Data items:
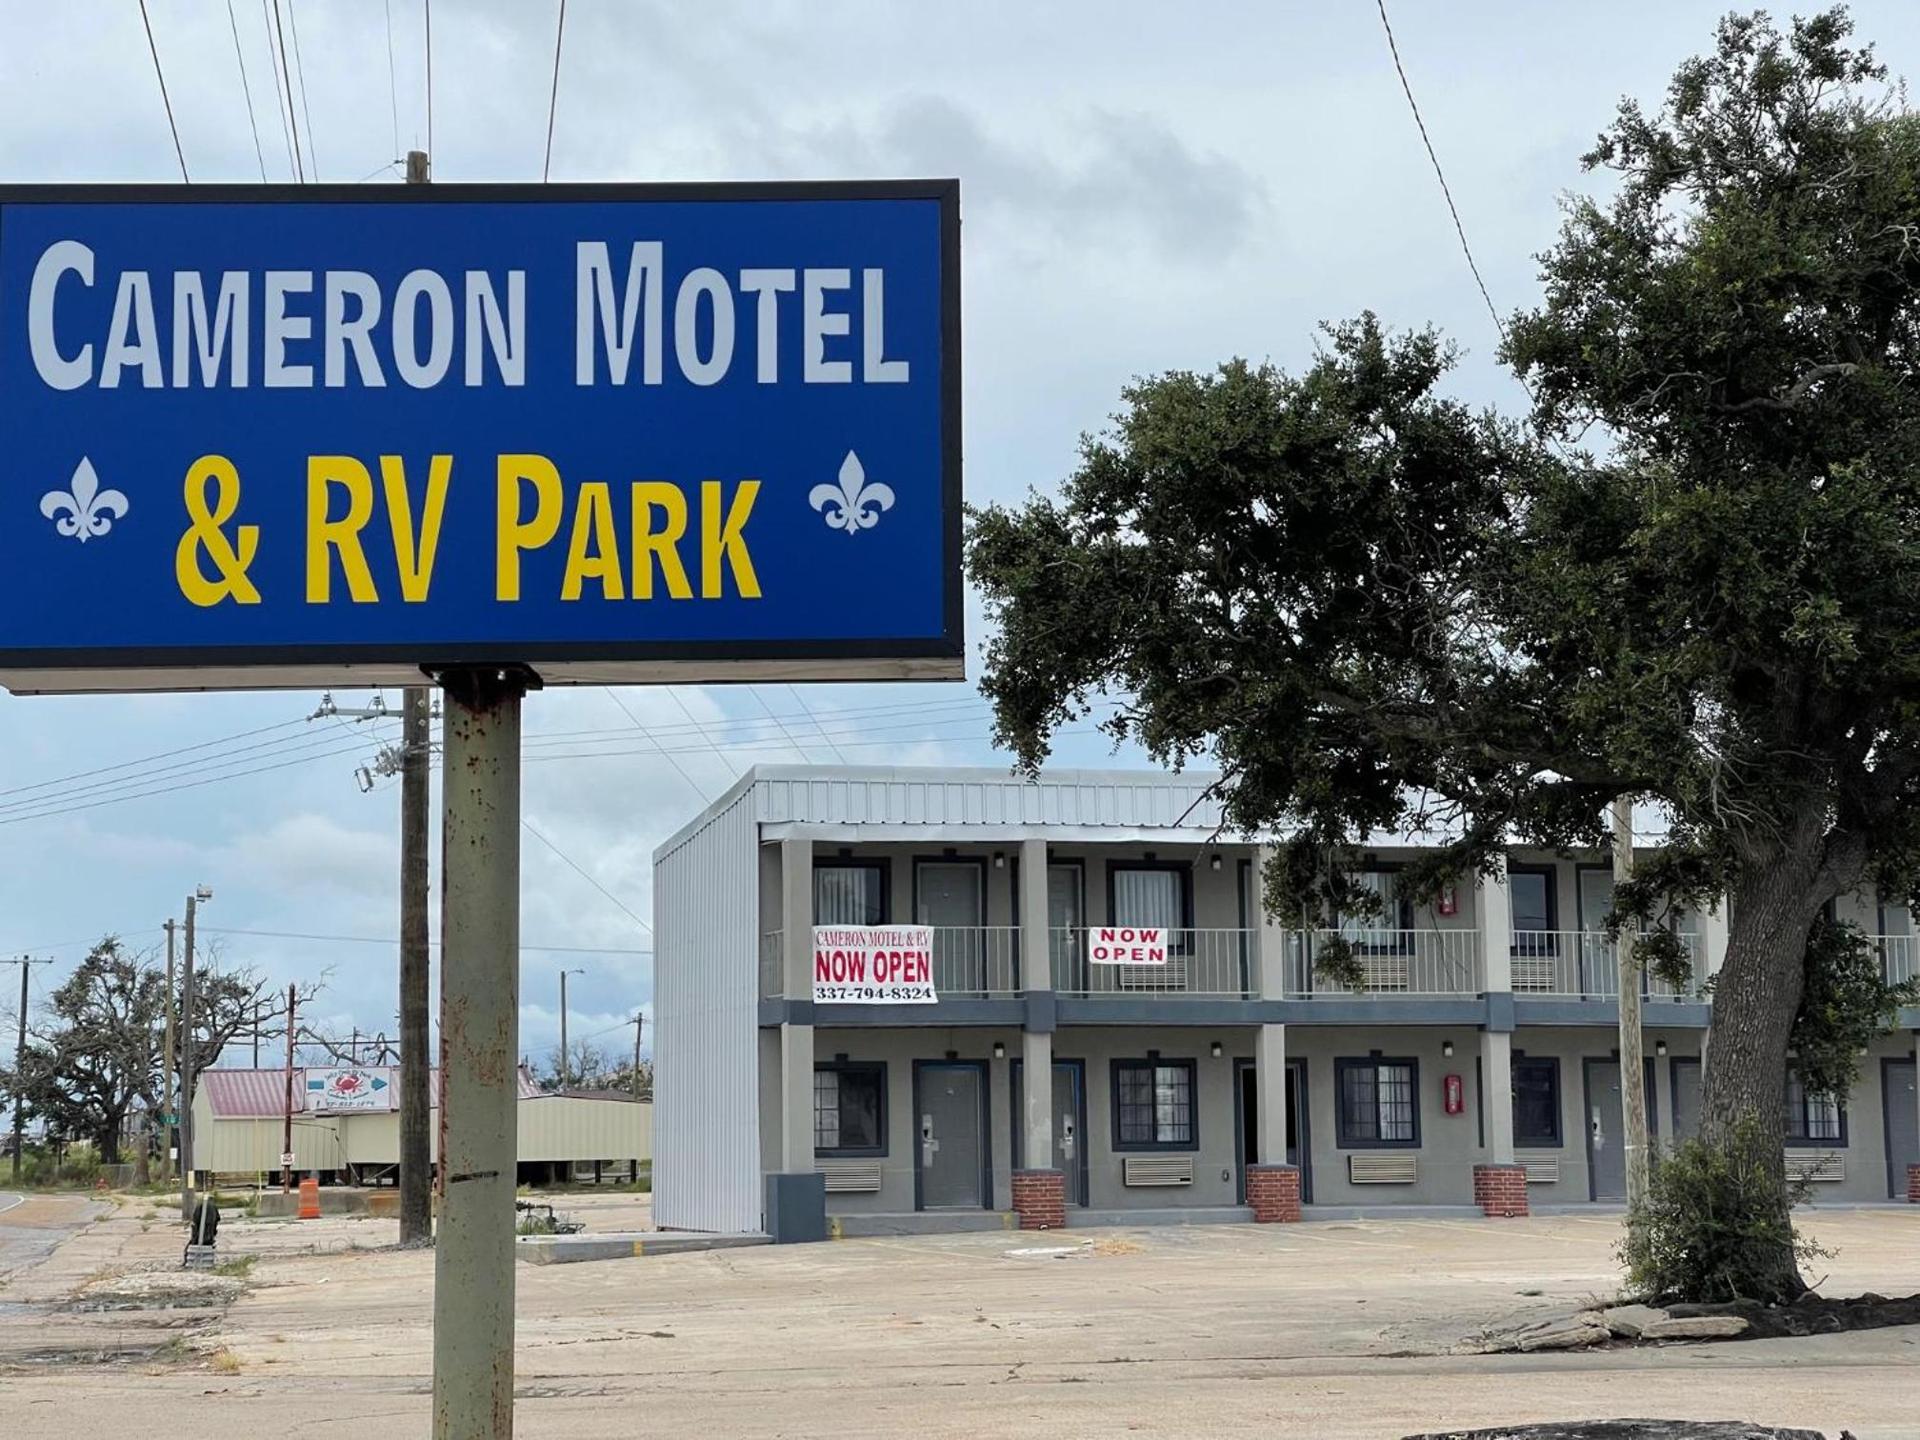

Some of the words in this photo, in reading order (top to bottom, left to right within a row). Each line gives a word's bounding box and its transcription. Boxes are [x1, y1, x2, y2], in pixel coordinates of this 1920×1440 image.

[28, 240, 526, 391] CAMERON
[576, 241, 909, 386] MOTEL
[175, 454, 262, 607] &
[306, 454, 454, 604] RV
[496, 454, 762, 601] PARK
[816, 931, 866, 947] CAMERON
[869, 931, 905, 947] MOTEL
[906, 931, 914, 946] &
[916, 931, 930, 946] RV
[1101, 929, 1158, 943] NOW
[1093, 947, 1163, 961] OPEN
[816, 950, 866, 982] NOW
[873, 950, 929, 983] OPEN
[816, 987, 932, 1000] 337-794-8324
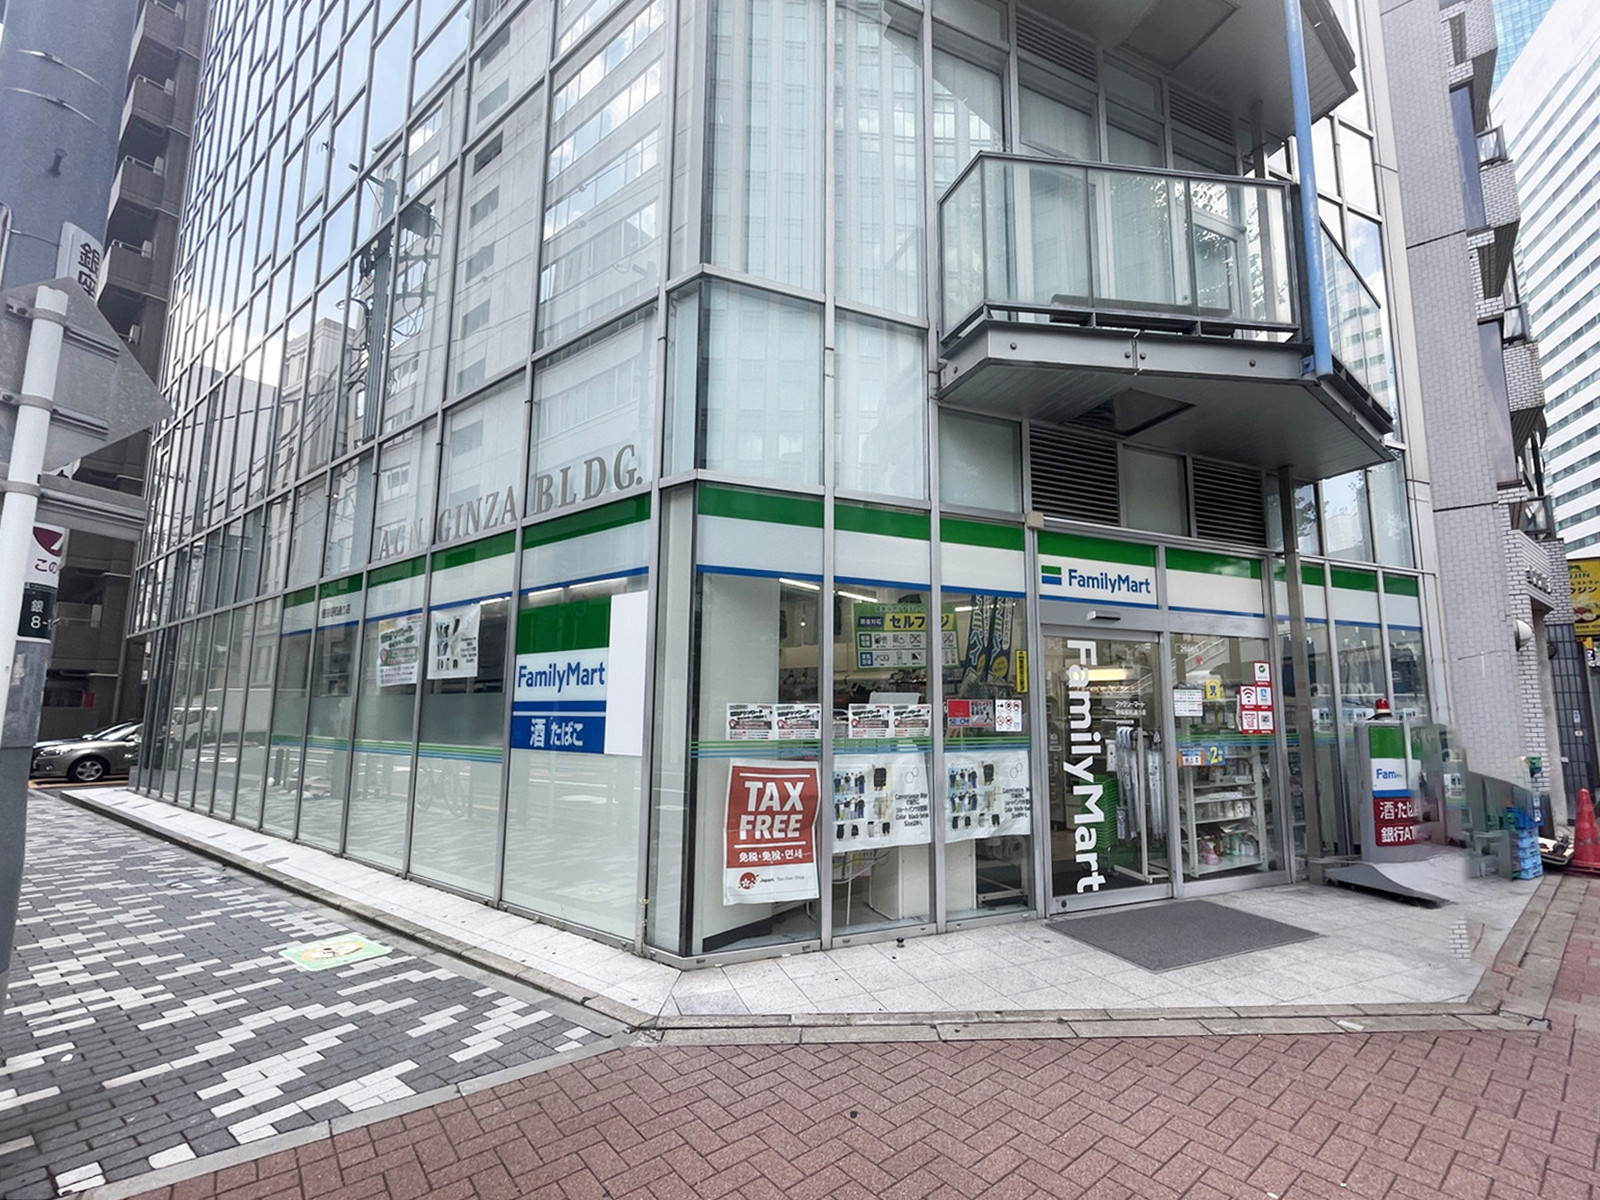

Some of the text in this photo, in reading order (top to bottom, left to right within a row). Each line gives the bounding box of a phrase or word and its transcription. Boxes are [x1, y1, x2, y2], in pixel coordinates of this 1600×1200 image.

[436, 485, 518, 543] GINZA
[535, 444, 643, 515] BLDG.
[1068, 568, 1151, 594] FamilyMart
[889, 615, 950, 629] セルフジ
[518, 661, 605, 693] FamilyMart
[529, 718, 584, 748] 酒 たばこ
[1064, 640, 1106, 893] FamilyMart
[744, 781, 805, 812] TAX
[739, 814, 803, 841] FREE
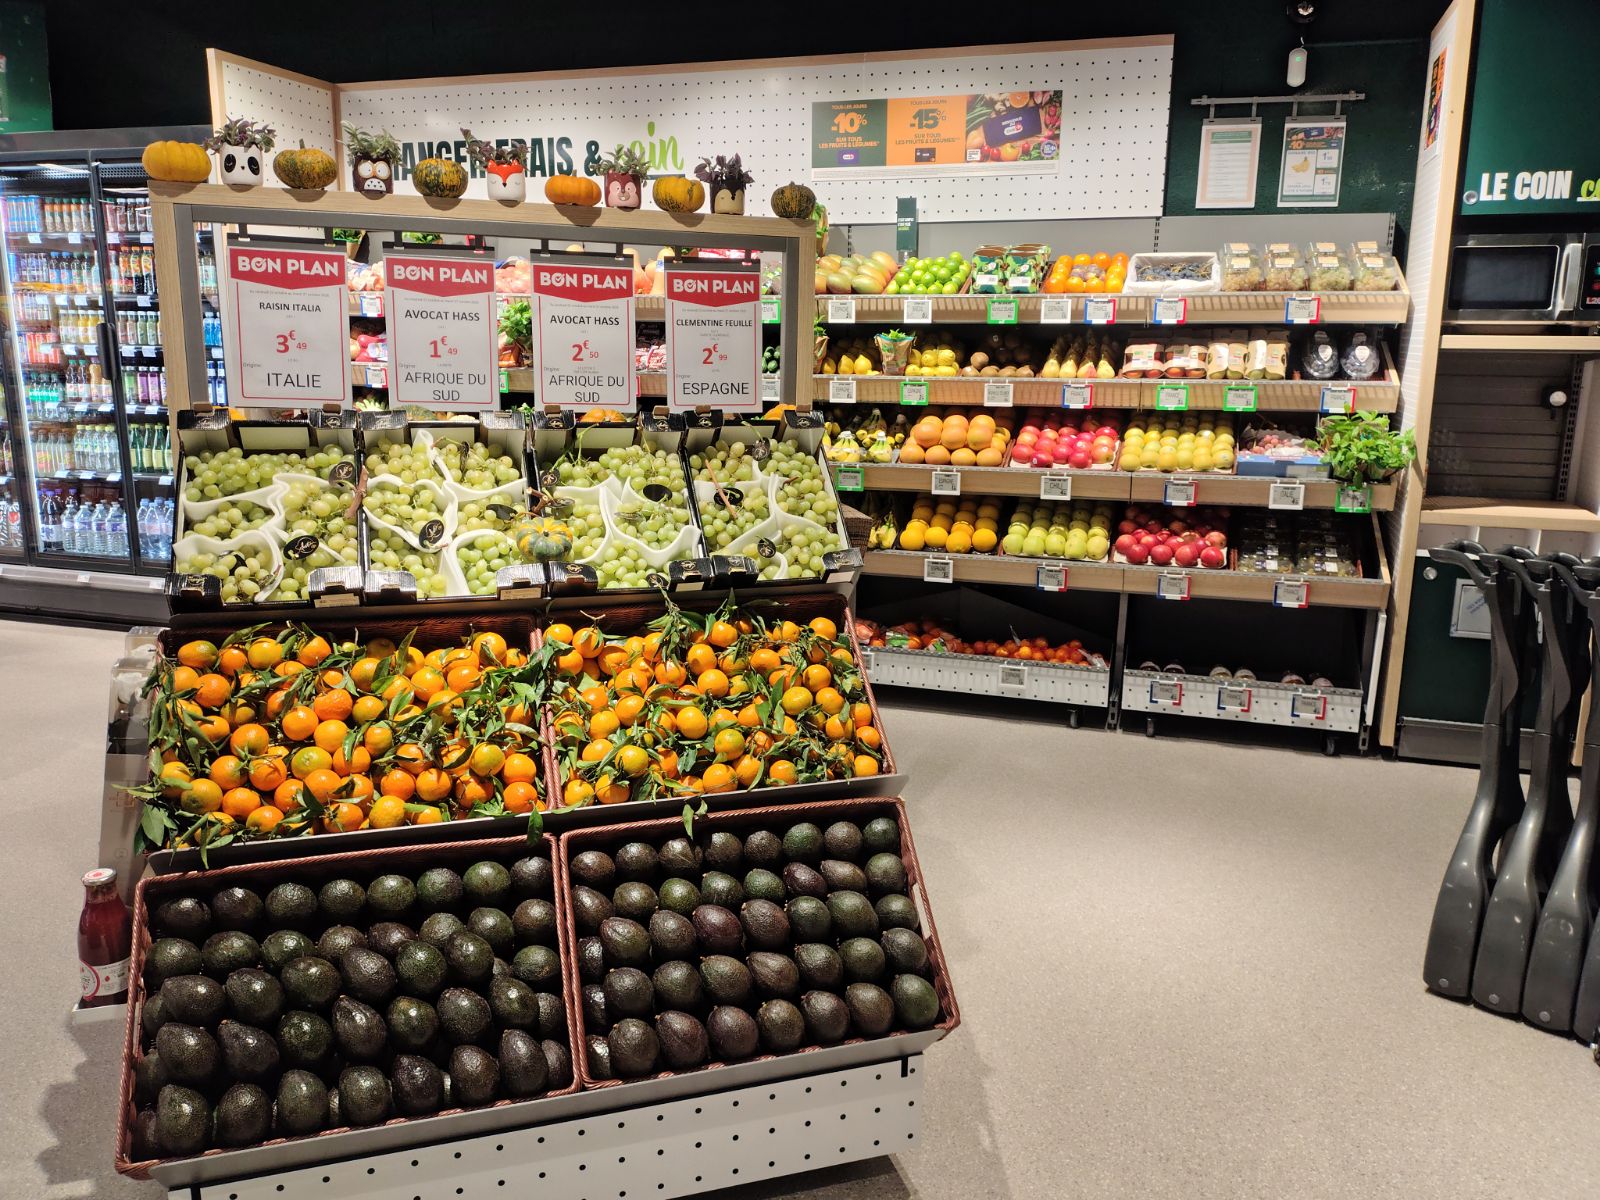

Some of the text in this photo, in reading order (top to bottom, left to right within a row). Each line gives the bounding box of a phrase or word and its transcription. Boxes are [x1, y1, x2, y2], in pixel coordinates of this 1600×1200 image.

WHAT YOU HAVE TO DO. Reproduce each entry precisely; the pictures stay out.

SOLUTION.
Some of the words in this photo, in reading order (top to bottom, left to right within a row). Each line gives a word's bounding box and its transcription. Boxes are [x1, y1, x2, y2], in pixel coordinates of this 1920×1440 image.

[28, 240, 526, 391] CAMERON
[576, 241, 909, 386] MOTEL
[175, 454, 262, 607] &
[306, 454, 454, 604] RV
[496, 454, 762, 601] PARK
[816, 931, 866, 947] CAMERON
[869, 931, 905, 947] MOTEL
[906, 931, 914, 946] &
[916, 931, 930, 946] RV
[1101, 929, 1158, 943] NOW
[1093, 947, 1163, 961] OPEN
[816, 950, 866, 982] NOW
[873, 950, 929, 983] OPEN
[816, 987, 932, 1000] 337-794-8324

Some of the text in this photo, in reading order (top to bottom, left to right within a row). Each line gives the bounding box of a phrase or word and its transcription. Boxes are [x1, y1, x2, y2], in pixel coordinates of this 1600×1200 image.

[436, 485, 518, 543] GINZA
[535, 444, 643, 515] BLDG.
[1068, 568, 1151, 594] FamilyMart
[889, 615, 950, 629] セルフジ
[518, 661, 605, 693] FamilyMart
[529, 718, 584, 748] 酒 たばこ
[1064, 640, 1106, 893] FamilyMart
[744, 781, 805, 812] TAX
[739, 814, 803, 841] FREE

Some of the text in this photo, in reading order (top to bottom, left to right within a row). Each line gives the bounding box of a phrase or word and its transcription. Boxes are [x1, y1, x2, y2], in pixel coordinates of this 1600×1200 image.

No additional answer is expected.